EXTRACTED INFORMATION Start Marker

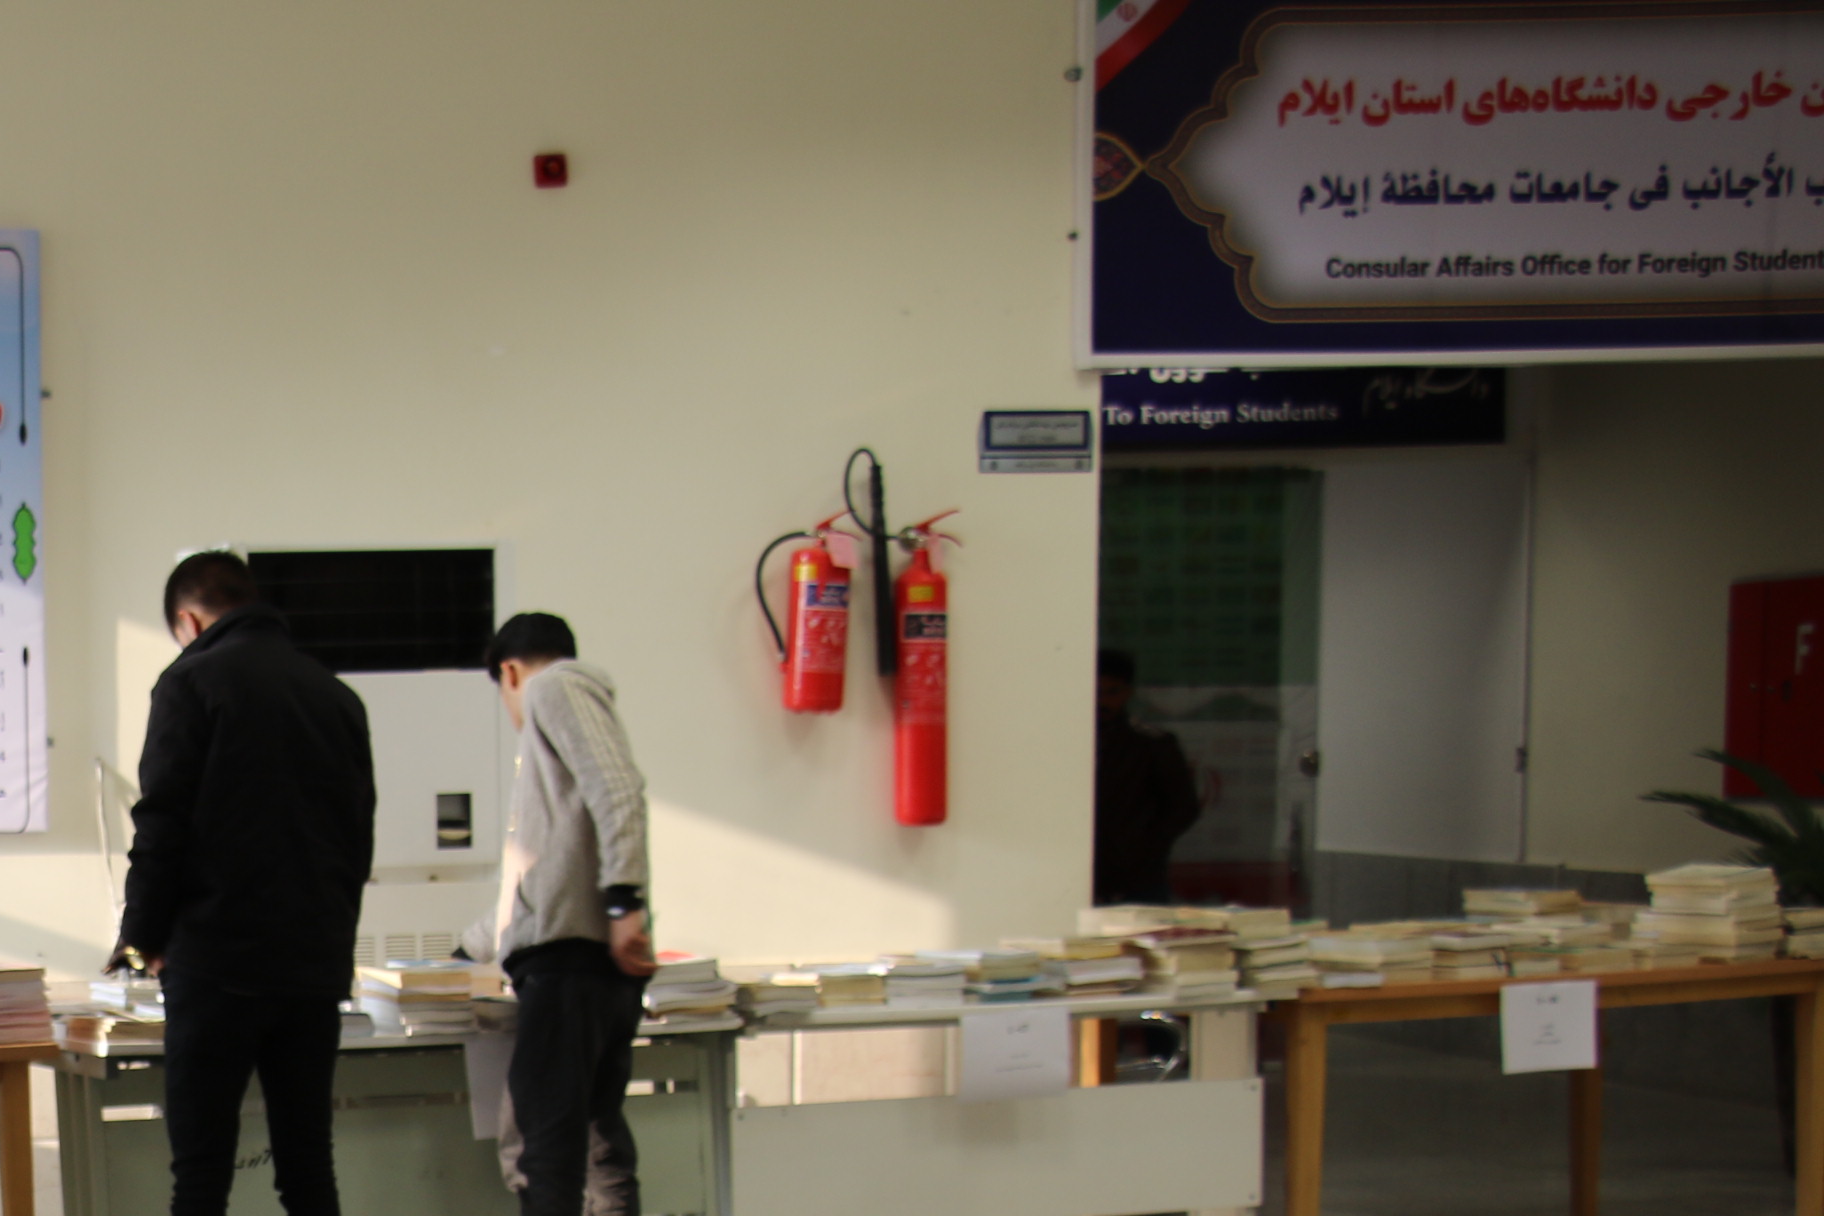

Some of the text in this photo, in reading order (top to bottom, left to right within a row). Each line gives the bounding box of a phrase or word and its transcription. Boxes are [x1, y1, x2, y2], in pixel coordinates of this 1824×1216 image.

[1277, 77, 1355, 128] ایلام
[1361, 78, 1455, 128] استان
[1665, 69, 1793, 121] خارجی
[1509, 168, 1620, 211] جامعات
[1682, 152, 1794, 209] الأجانب
[1326, 256, 1430, 279] Consular
[1436, 254, 1514, 278] Affairs
[1521, 253, 1591, 277] Office
[1598, 252, 1632, 275] for
[1638, 250, 1727, 280] Foreign
[1105, 401, 1340, 431] To Foreign Students

EXTRACTED INFORMATION End Marker

• _TASK DIRECTIONS_
Could you transcribe the material above exactly, keeping every picture out?

• _ANSWER SECTION_
Some of the text in this photo, in reading order (top to bottom, left to right within a row). Each line gives the bounding box of a phrase or word and its transcription. Boxes are [x1, y1, x2, y2], in pixel coordinates of this 1824×1216 image.

[1277, 77, 1355, 128] ایلام
[1361, 78, 1455, 128] استان
[1665, 69, 1793, 121] خارجی
[1509, 168, 1620, 211] جامعات
[1682, 152, 1794, 209] الأجانب
[1326, 256, 1430, 279] Consular
[1436, 254, 1514, 278] Affairs
[1521, 253, 1591, 277] Office
[1598, 252, 1632, 275] for
[1638, 250, 1727, 280] Foreign
[1105, 401, 1340, 431] To Foreign Students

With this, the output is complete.